Randomised controlled trial of Jiandu granule in preventing chemoradiotherapy‐induced oral mucositis

Abstract Objective This clinical trial aimed to evaluate the efficacy and safety of Jiandu granule, a Chinese herbal medicine formula, for preventing oral mucositis in patients with nasopharyngeal carcinoma undergoing concurrent chemoradiotherapy. Materials and Methods A single‐centre, open‐label, randomised controlled trial was conducted, enrolling 138 patients with locally advanced nasopharyngeal carcinoma. Patients were randomly allocated to either the experimental group ( n = 69) or the control group ( n = 69).
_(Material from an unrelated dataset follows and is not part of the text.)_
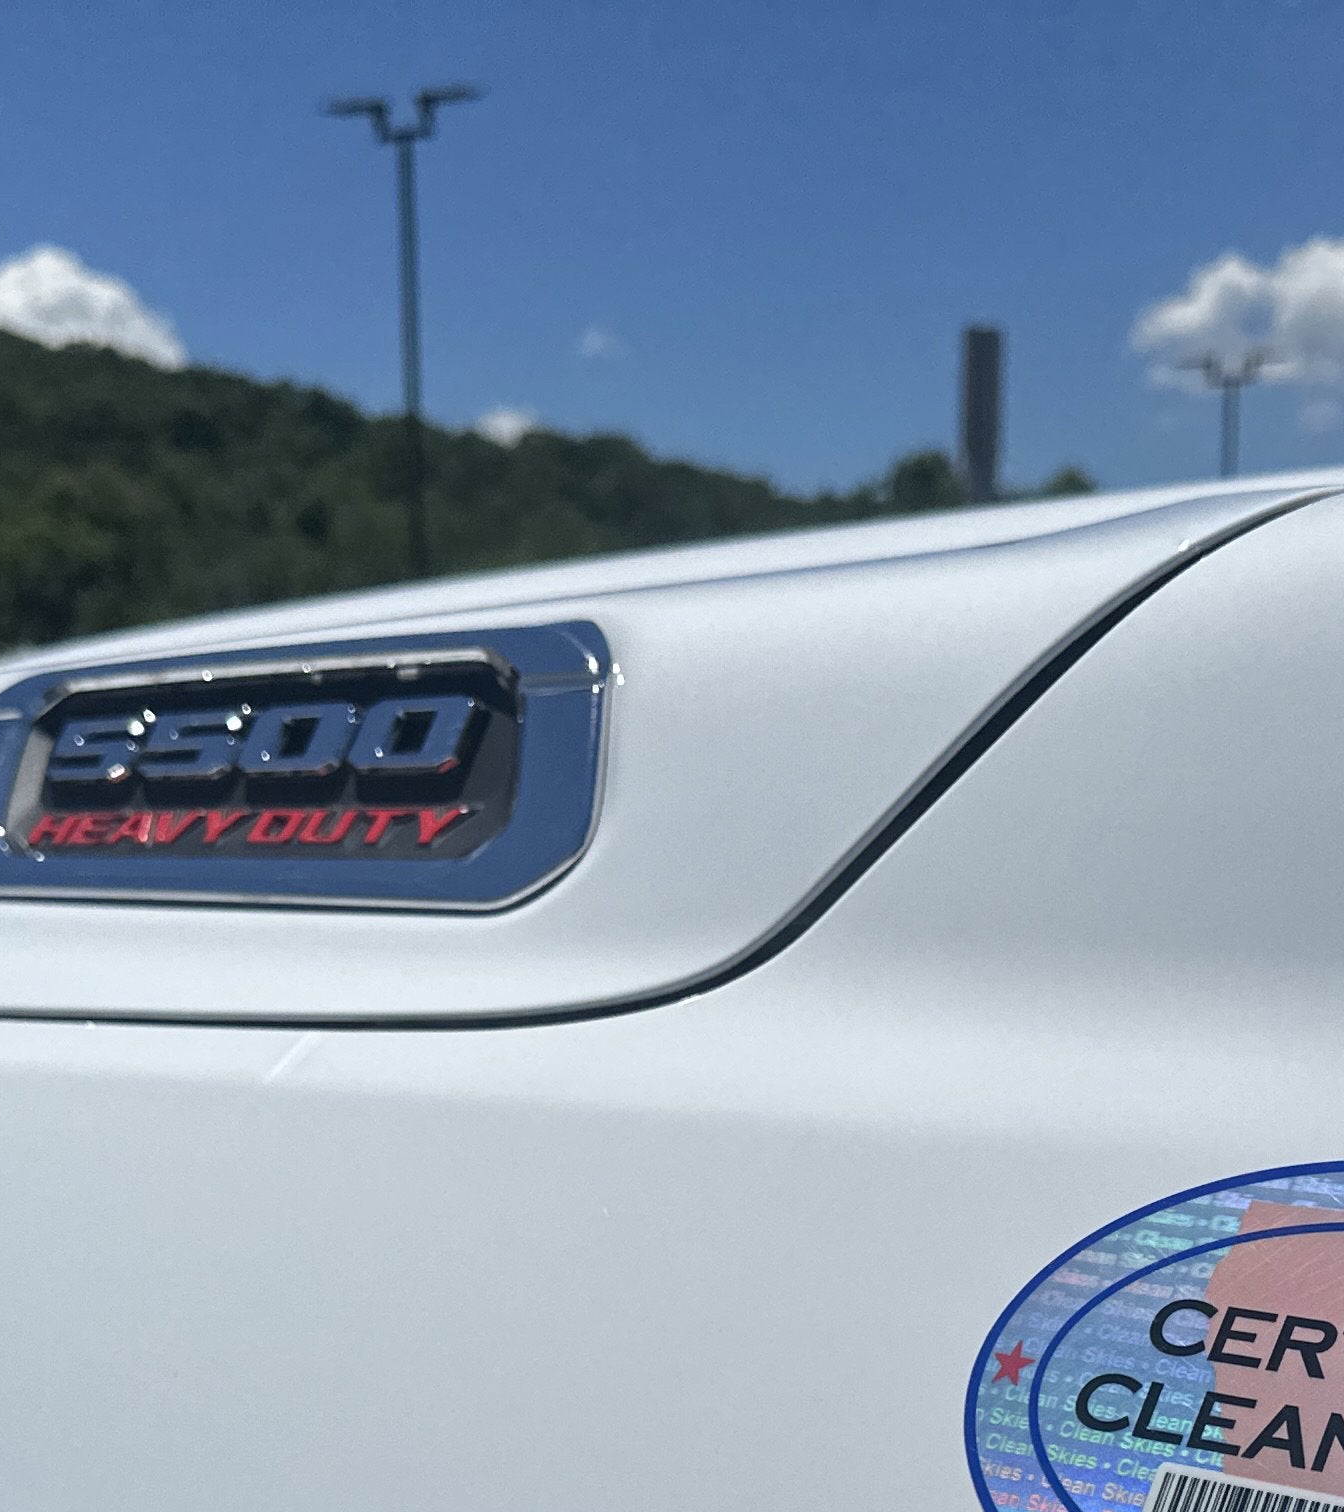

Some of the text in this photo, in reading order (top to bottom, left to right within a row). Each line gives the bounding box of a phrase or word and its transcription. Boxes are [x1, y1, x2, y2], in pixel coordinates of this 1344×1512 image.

[51, 694, 480, 786] 5500
[29, 806, 468, 847] HEAVY DUTY
Both groups received concurrent chemoradiotherapy and standard care for oral mucositis, with the experimental group additionally receiving Jiandu granule intervention. The primary outcome was the incidence of severe oral mucositis (grade III to IV). Results In the full‐analysis set, severe oral mucositis occurred in 14 of 69 (20.3%) patients in the experimental group and 31 of 69 (44.9%) patients in the control group (absolute risk reduction: 24.6%; relative risk reduction: 54.8%; p = 0.002; number needed to treat: 4). Jiandu granule was associated with mild/moderate gastrointestinal reactions, with an overall incidence of 5.9%. Conclusion Jiandu granule reduced the incidence of severe oral mucositis in nasopharyngeal carcinoma patients during concurrent chemoradiotherapy and had an acceptable safety profile.